■ Your objective
Print everything in the records exactly. Leave the pictures out.

■ Data excerpts

.....

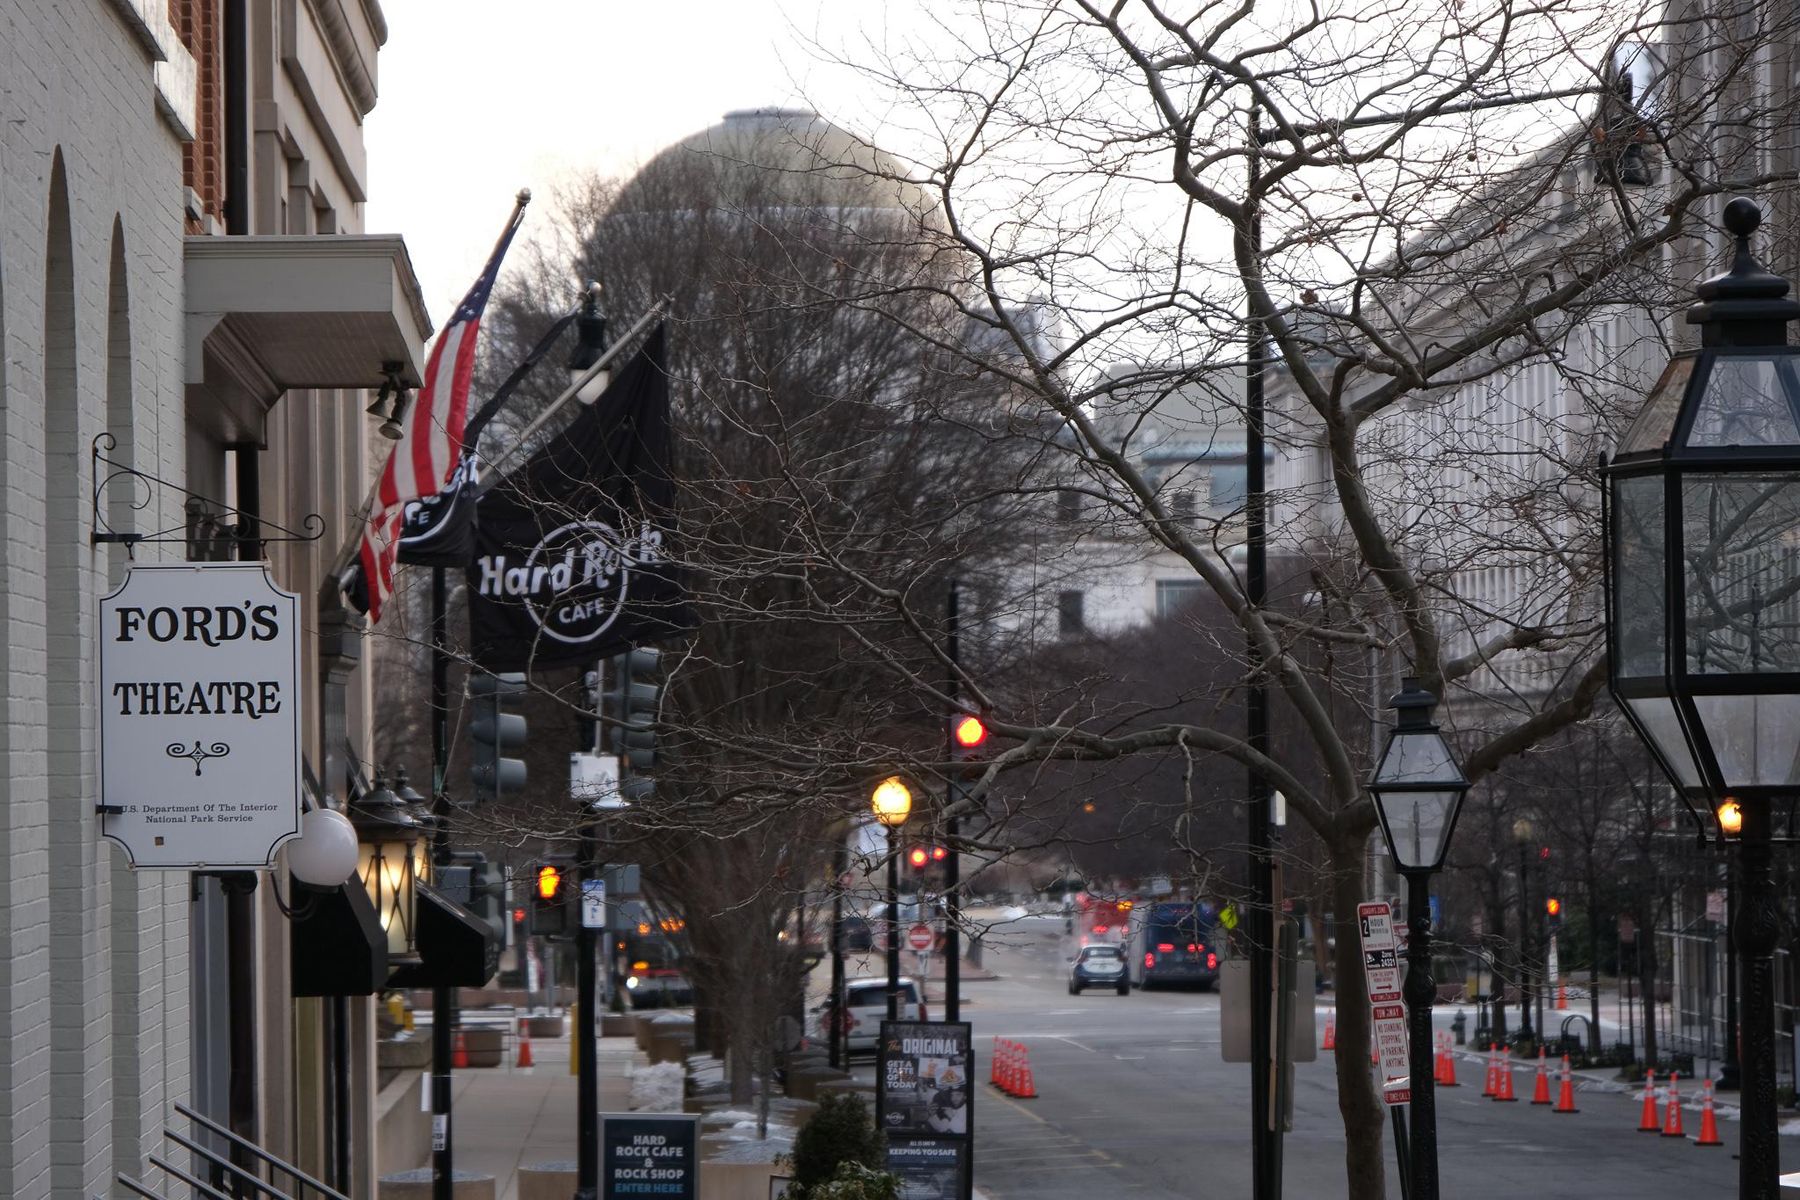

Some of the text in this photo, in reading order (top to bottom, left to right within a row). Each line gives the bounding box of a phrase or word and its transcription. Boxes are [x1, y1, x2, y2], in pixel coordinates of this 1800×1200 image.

[477, 547, 575, 597] Hard
[558, 597, 606, 625] CAFE
[115, 600, 279, 648] FORD'S
[113, 681, 281, 720] THEATRE
[142, 804, 200, 815] Department
[203, 803, 215, 813] Of
[218, 803, 236, 813] The
[240, 803, 278, 813] Interior
[145, 814, 253, 825] National Park Service
[1363, 920, 1369, 935] 2
[1370, 919, 1384, 927] HOUR
[1381, 1034, 1401, 1044] STOPPING
[902, 1038, 959, 1055] ORIGINAL
[1386, 1046, 1405, 1056] PARKING
[887, 1060, 913, 1068] GET A
[1386, 1057, 1405, 1067] ANYTIME
[887, 1067, 914, 1075] TASTE
[887, 1074, 898, 1082] OF
[887, 1081, 917, 1089] TODAY
[633, 1135, 666, 1145] HARD
[615, 1146, 684, 1157] ROCK CAFE
[888, 1148, 921, 1156] KEEPING
[922, 1148, 938, 1156] YOU
[644, 1157, 654, 1168] &
[614, 1168, 685, 1180] ROCK SHOP
[615, 1183, 684, 1193] ENTER HERE
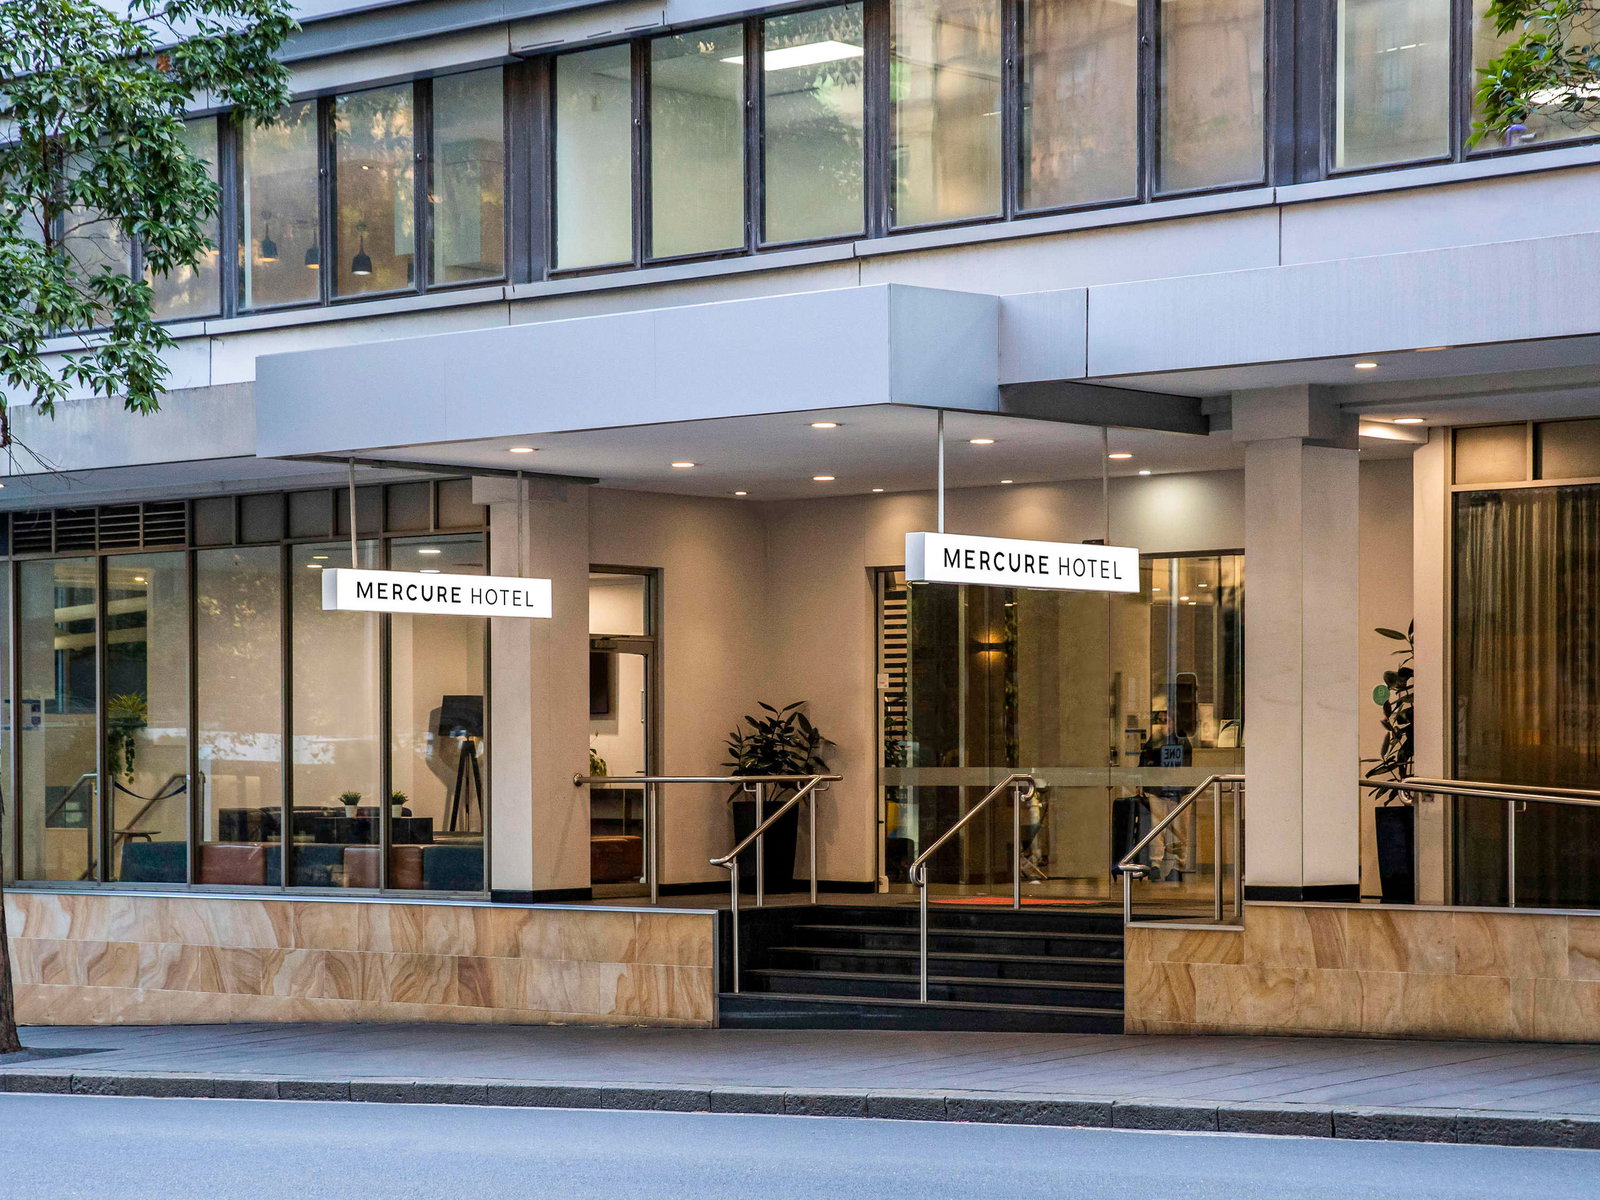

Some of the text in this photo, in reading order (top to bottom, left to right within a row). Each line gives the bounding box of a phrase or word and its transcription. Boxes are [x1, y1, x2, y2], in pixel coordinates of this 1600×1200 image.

[943, 548, 1122, 580] MERCURE HOTEL
[356, 581, 534, 607] MERCURE HOTEL
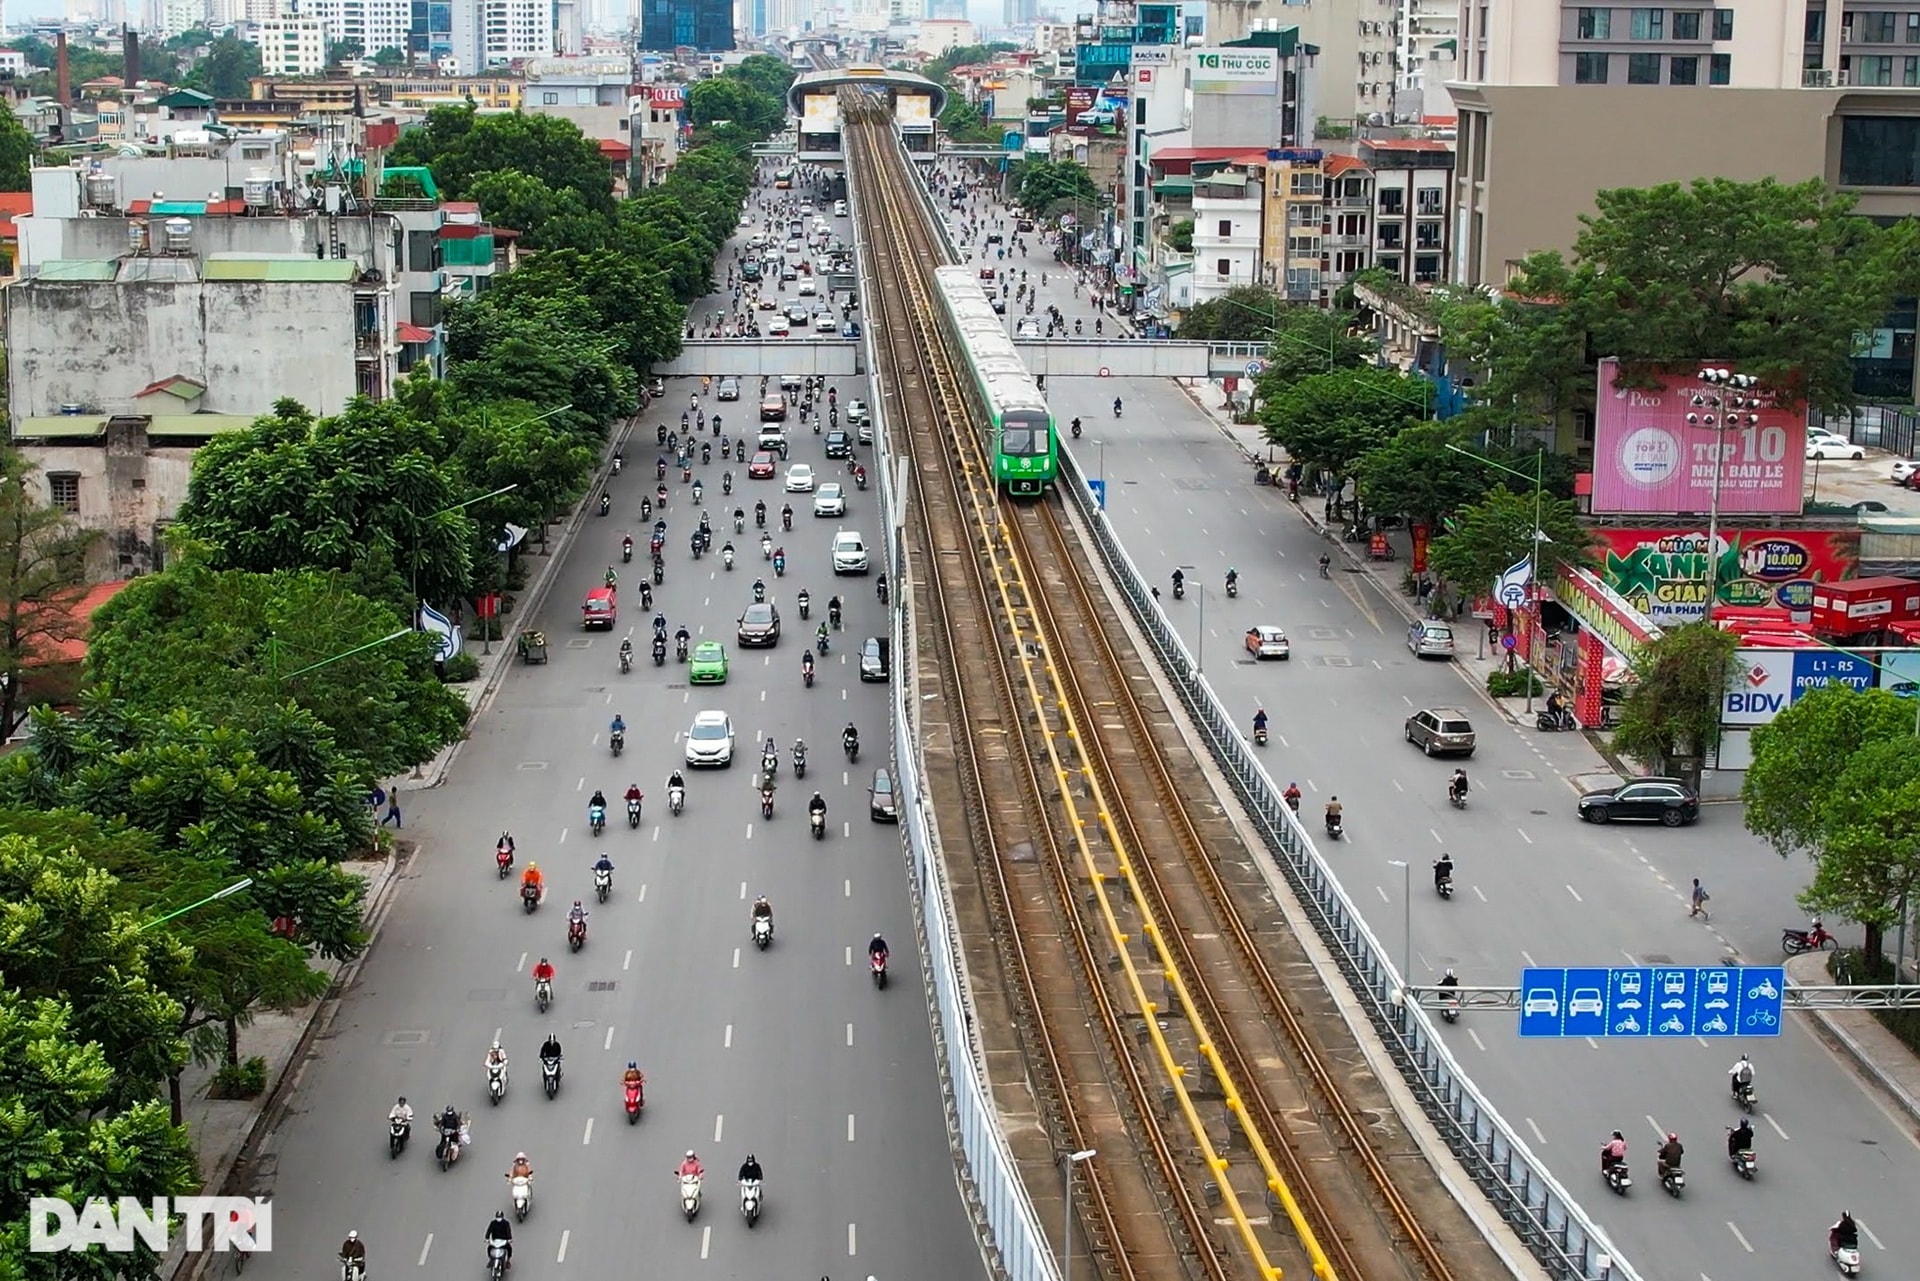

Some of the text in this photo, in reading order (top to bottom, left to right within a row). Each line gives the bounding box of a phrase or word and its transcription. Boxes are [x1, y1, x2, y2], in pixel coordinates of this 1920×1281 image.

.....

■ Exercise output
Some of the text in this photo, in reading order (top to bottom, left to right within a row). Each line gives the bounding box of a phrase or word and its transcription. Boxes are [x1, y1, x2, y2], in pixel coordinates of this 1800×1200 image.

[477, 547, 575, 597] Hard
[558, 597, 606, 625] CAFE
[115, 600, 279, 648] FORD'S
[113, 681, 281, 720] THEATRE
[142, 804, 200, 815] Department
[203, 803, 215, 813] Of
[218, 803, 236, 813] The
[240, 803, 278, 813] Interior
[145, 814, 253, 825] National Park Service
[1363, 920, 1369, 935] 2
[1370, 919, 1384, 927] HOUR
[1381, 1034, 1401, 1044] STOPPING
[902, 1038, 959, 1055] ORIGINAL
[1386, 1046, 1405, 1056] PARKING
[887, 1060, 913, 1068] GET A
[1386, 1057, 1405, 1067] ANYTIME
[887, 1067, 914, 1075] TASTE
[887, 1074, 898, 1082] OF
[887, 1081, 917, 1089] TODAY
[633, 1135, 666, 1145] HARD
[615, 1146, 684, 1157] ROCK CAFE
[888, 1148, 921, 1156] KEEPING
[922, 1148, 938, 1156] YOU
[644, 1157, 654, 1168] &
[614, 1168, 685, 1180] ROCK SHOP
[615, 1183, 684, 1193] ENTER HERE

Some of the text in this photo, in reading order (top to bottom, left to right within a row). Each line gives the bounding box of a phrase or word and its transcription. Boxes are [x1, y1, x2, y2], in pixel coordinates of this 1600×1200 image.

[943, 548, 1122, 580] MERCURE HOTEL
[356, 581, 534, 607] MERCURE HOTEL

Some of the text in this photo, in reading order (top to bottom, left to right within a row). Each line gives the bounding box of a phrase or word and its transcription. Boxes are [x1, y1, x2, y2], in pixel coordinates of this 1920×1281 image.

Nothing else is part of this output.